一般社団法人日本品質管理学会

第45年度 自 2015年(平成27年)10月 1日
至 2016年(平成28年) 9月30日
事業計画

1.運営方針

 1970年日本品質管理学会(以下、JSQC)は、品質管理の一層の発展と学理の探究を目指して、高度経済成長の後期に設立されました。その後1990年頃までには、日本は全社的品質管理活動を世界に先駆けて展開し、国際経済のトップに立ちました。JSQCの先達は、産学が連携した実践的研究を通じて学理においても世界をリードし、わが国産業界の発展のみならず、品質文化の国内外での醸成を支えました。科学的品質経営をソフトウェア産業、サービス産業等に拡張する方法論についてもJSQCは様々な提案をしたのです。
 しかし、バブル崩壊以降続いた日本の自信喪失は、わが国産業界の最大の強みであり、イノベーションの源泉であった全社的品質経営の展開と学理の発展に急ブレーキをかけてしまいました。今日でも「日本の品質管理」ブランドは、未だ世界の産学に通用しますが、その活動・学理を自律的に支える中堅・若手の中核人財が、10年後には枯渇するリスクが高まっています。
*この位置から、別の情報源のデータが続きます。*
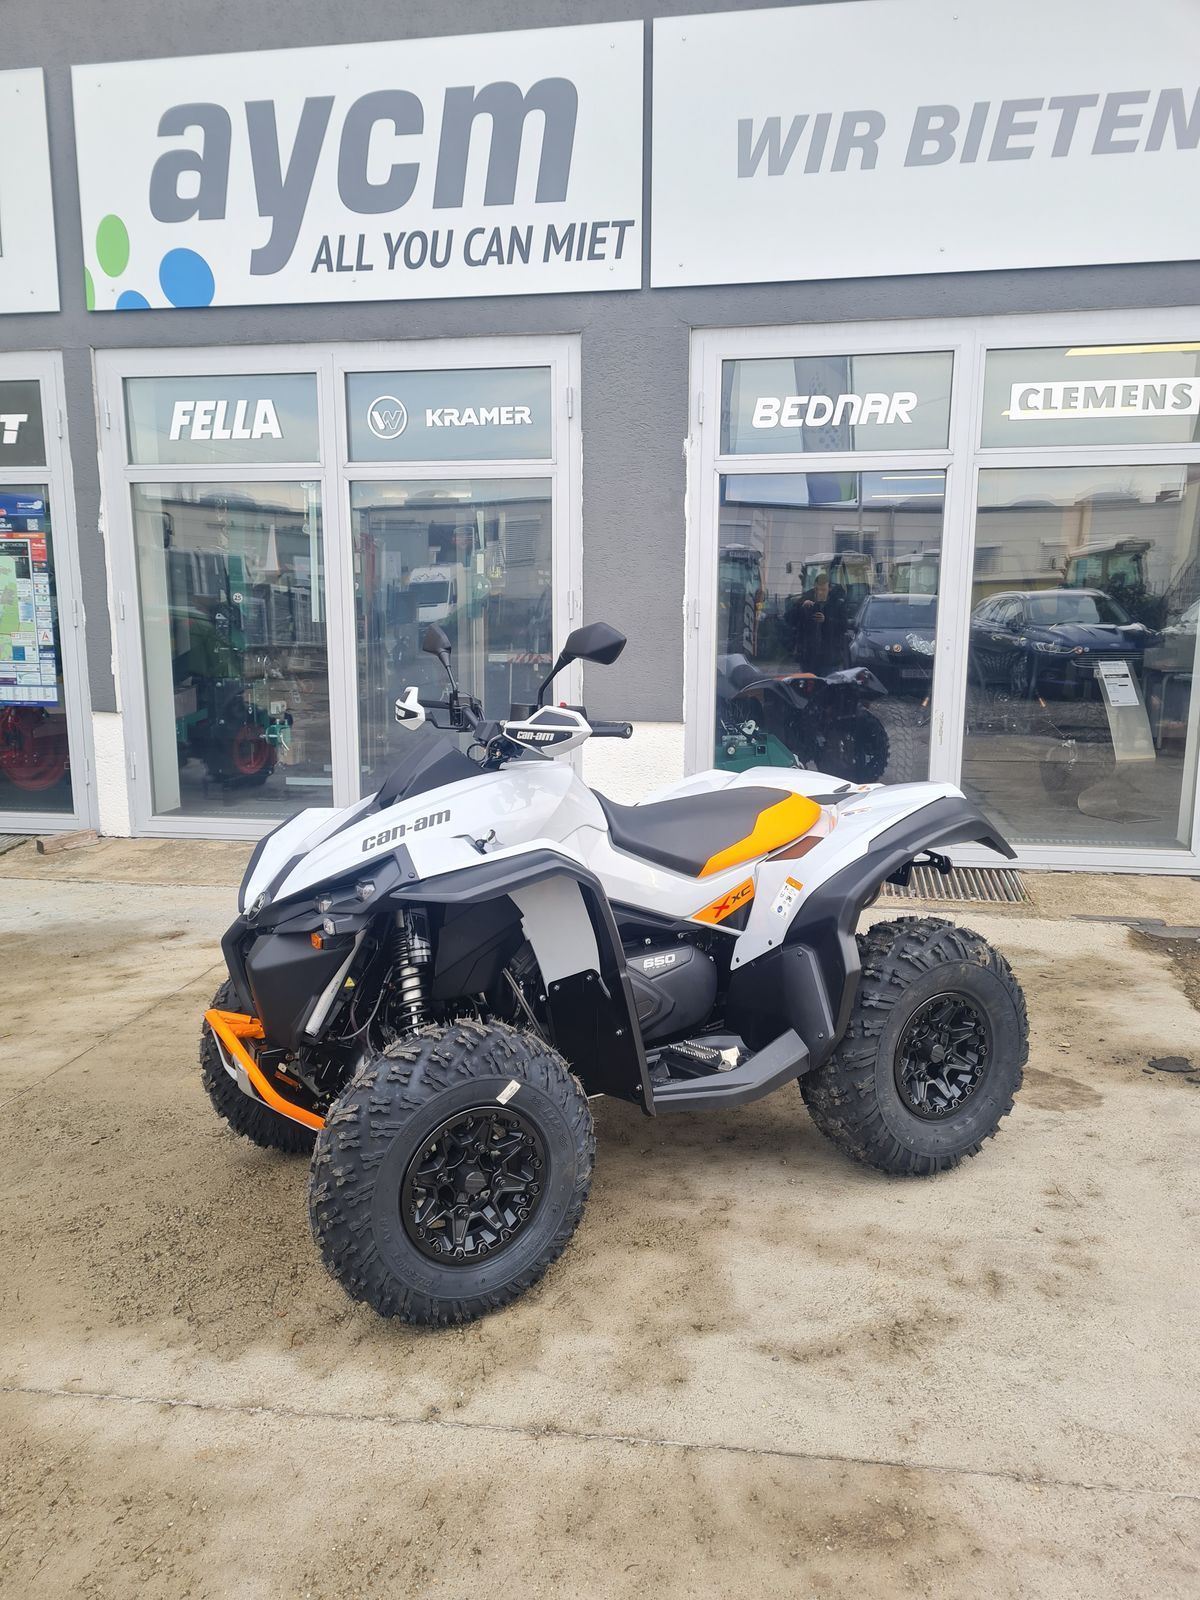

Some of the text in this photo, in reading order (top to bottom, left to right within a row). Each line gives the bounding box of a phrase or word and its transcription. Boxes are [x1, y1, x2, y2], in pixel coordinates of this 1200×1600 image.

 JSQC第44年度では、大久保会長のリーダーシップの下、オールジャパンの発展に寄与するために品質の発展と学理の探究のあるべき姿をゼロベースで見なおし、第50年度(2020年)を完成年度とする新中長期計画を取りまとめました。第45年度以降、この新中長期計画を“QSHIN2020”と呼ぶことといたします。第44年度に創生された日本品質管理学会の(1)「真価」、(2)「深化」、(3)「新化」、(4)「進化」活動をQSHIN2020では、それぞれ(1)救真、(2)究深、(3)求新、(4)急進と位置付けます。
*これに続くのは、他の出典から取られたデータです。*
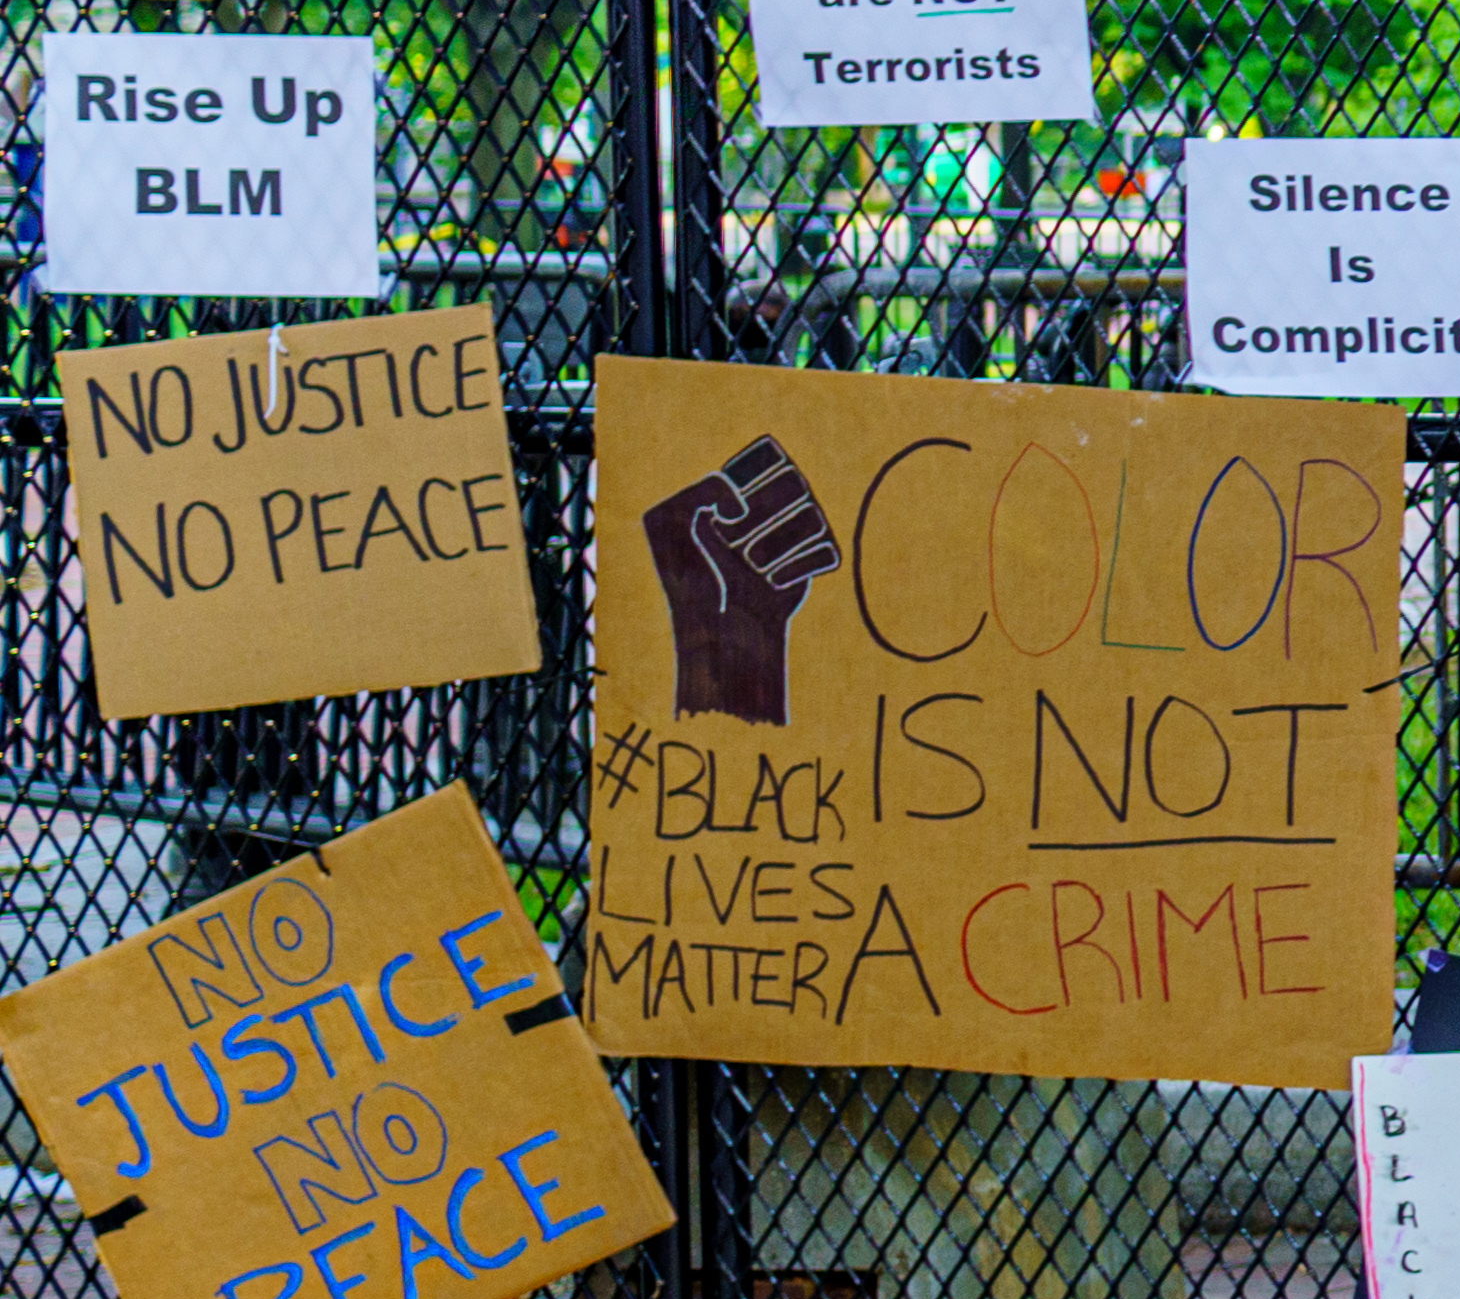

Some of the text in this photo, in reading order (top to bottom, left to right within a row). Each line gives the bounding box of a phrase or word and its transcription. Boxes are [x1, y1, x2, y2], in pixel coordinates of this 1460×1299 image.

[76, 74, 344, 136] Rise Up
[136, 168, 283, 216] BLM
[1248, 174, 1451, 214] Silence
[1329, 246, 1375, 284] Is
[86, 335, 490, 460] NO JUSTICE
[100, 473, 510, 606] NO PEACE
[852, 437, 1382, 662] COLOR
[873, 688, 1349, 830] IS NOT
[837, 879, 1327, 1024] A CRIME
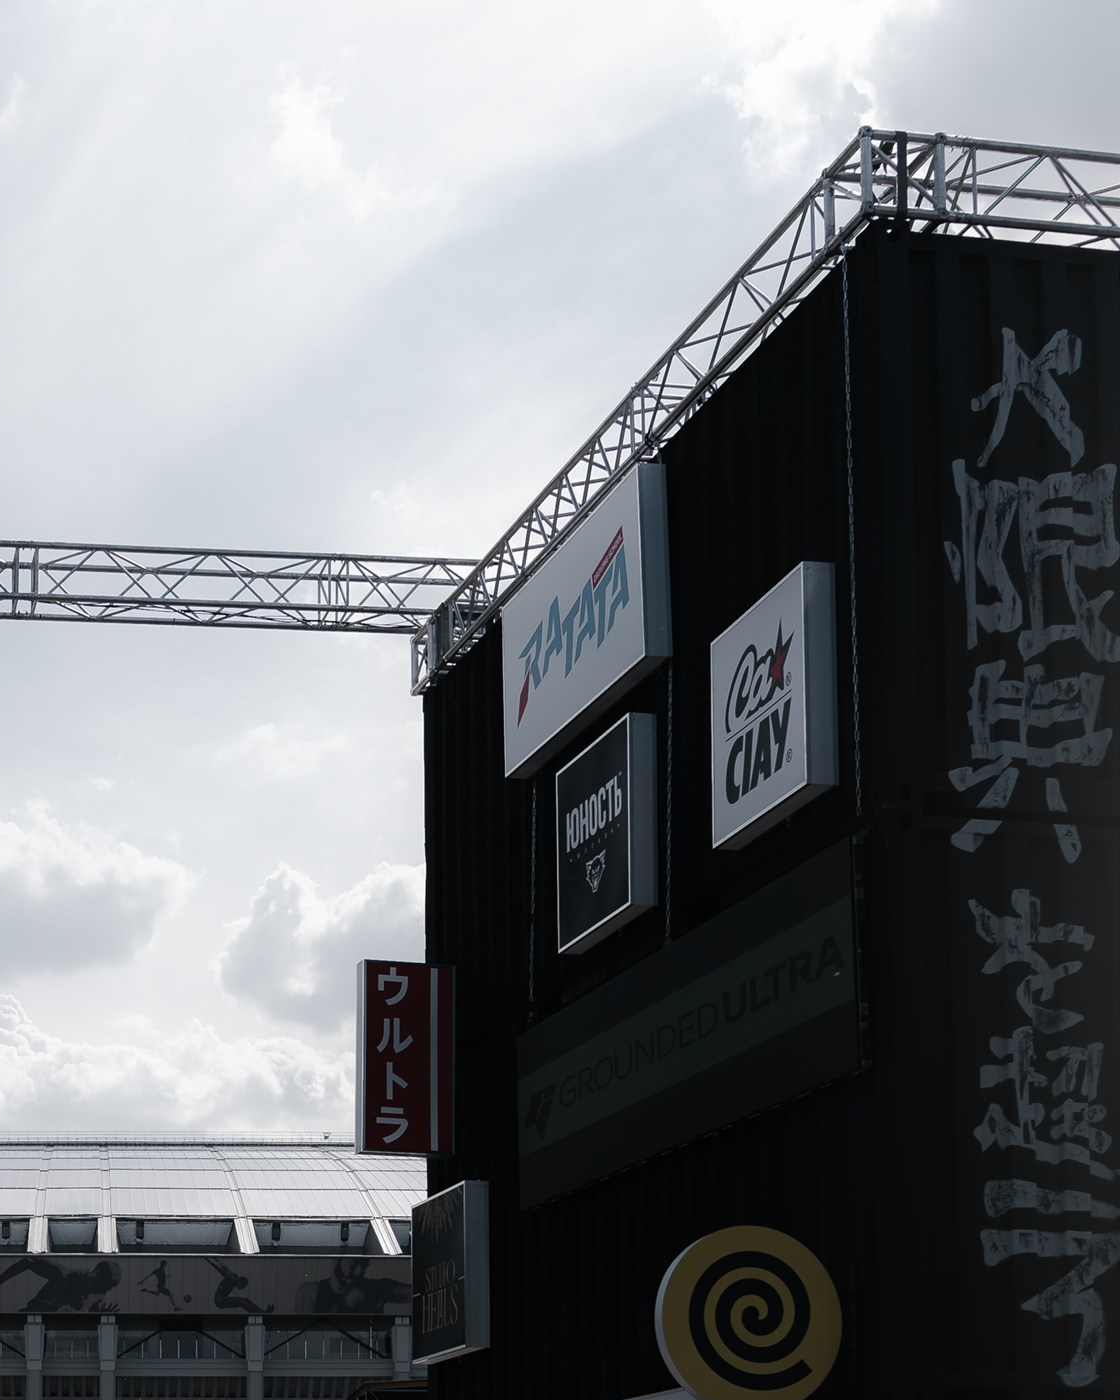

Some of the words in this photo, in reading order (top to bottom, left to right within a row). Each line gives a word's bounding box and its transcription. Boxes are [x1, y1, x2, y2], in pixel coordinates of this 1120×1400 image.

[518, 543, 630, 691] RATATA
[566, 775, 623, 853] ЮНОСТЬ
[376, 966, 414, 1144] ウルトラ
 第45年度は、QSHIN2020に沿って、学会活動を変容させる過渡期と位置付け、必要な活動と組織の再編に関わる規定整備に当たります。もちろん、第45年度においても、本部・支部・部会などの現行組織がこれまでの事業を適切に運営し、会員の皆様方にこれまで通りの水準の高いサービスを提供することは約束いたします。
 一方JSQCは、全ての本部・支部の現状の活動を第45年度末で終了させる方針であることを宣言します。第46年度以降、JSQC本部・支部のトップダウン的活動は、QSHIN2020に基づき、様々な連携組織の中で、日本再発展システムの歯車としてフル機能すべき活動に重点化します。また、第45年度に先行可能な事業には着手いたします。JSQC会員の皆様方には、ぜひ学会の新たな姿をご理解の上、ご支援・ご協力賜ることを衷心よりお願い申し上げる次第です。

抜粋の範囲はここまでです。